- **Supplied data**
● ● ●

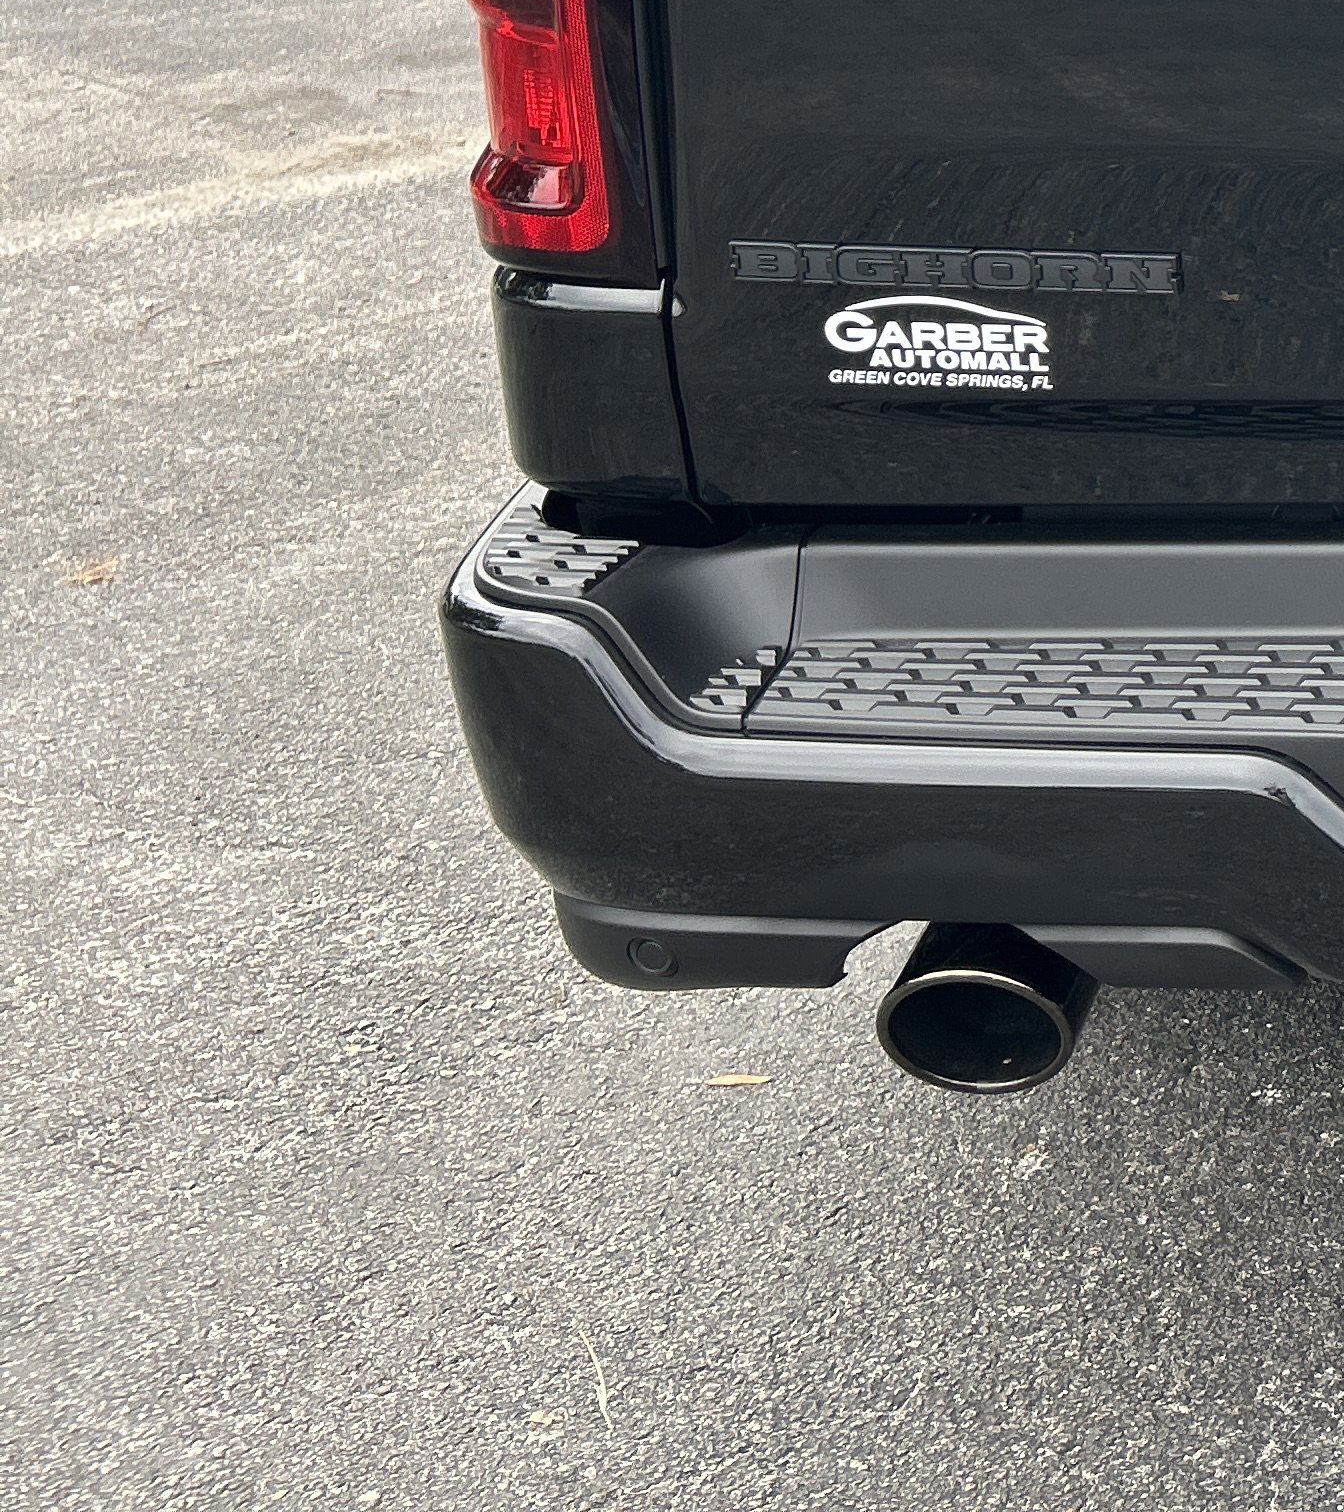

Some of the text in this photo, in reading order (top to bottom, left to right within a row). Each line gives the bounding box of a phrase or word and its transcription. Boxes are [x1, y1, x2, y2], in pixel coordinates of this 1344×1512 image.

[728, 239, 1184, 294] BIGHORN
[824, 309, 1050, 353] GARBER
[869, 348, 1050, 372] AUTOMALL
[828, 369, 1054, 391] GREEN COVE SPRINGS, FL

● ● ●

- **Brief**
A word-for-word transcription of the listing is needed, minus its images.

- **Answer area**
Some of the text in this photo, in reading order (top to bottom, left to right within a row). Each line gives the bounding box of a phrase or word and its transcription. Boxes are [x1, y1, x2, y2], in pixel coordinates of this 1344×1512 image.

[728, 239, 1184, 294] BIGHORN
[824, 309, 1050, 353] GARBER
[869, 348, 1050, 372] AUTOMALL
[828, 369, 1054, 391] GREEN COVE SPRINGS, FL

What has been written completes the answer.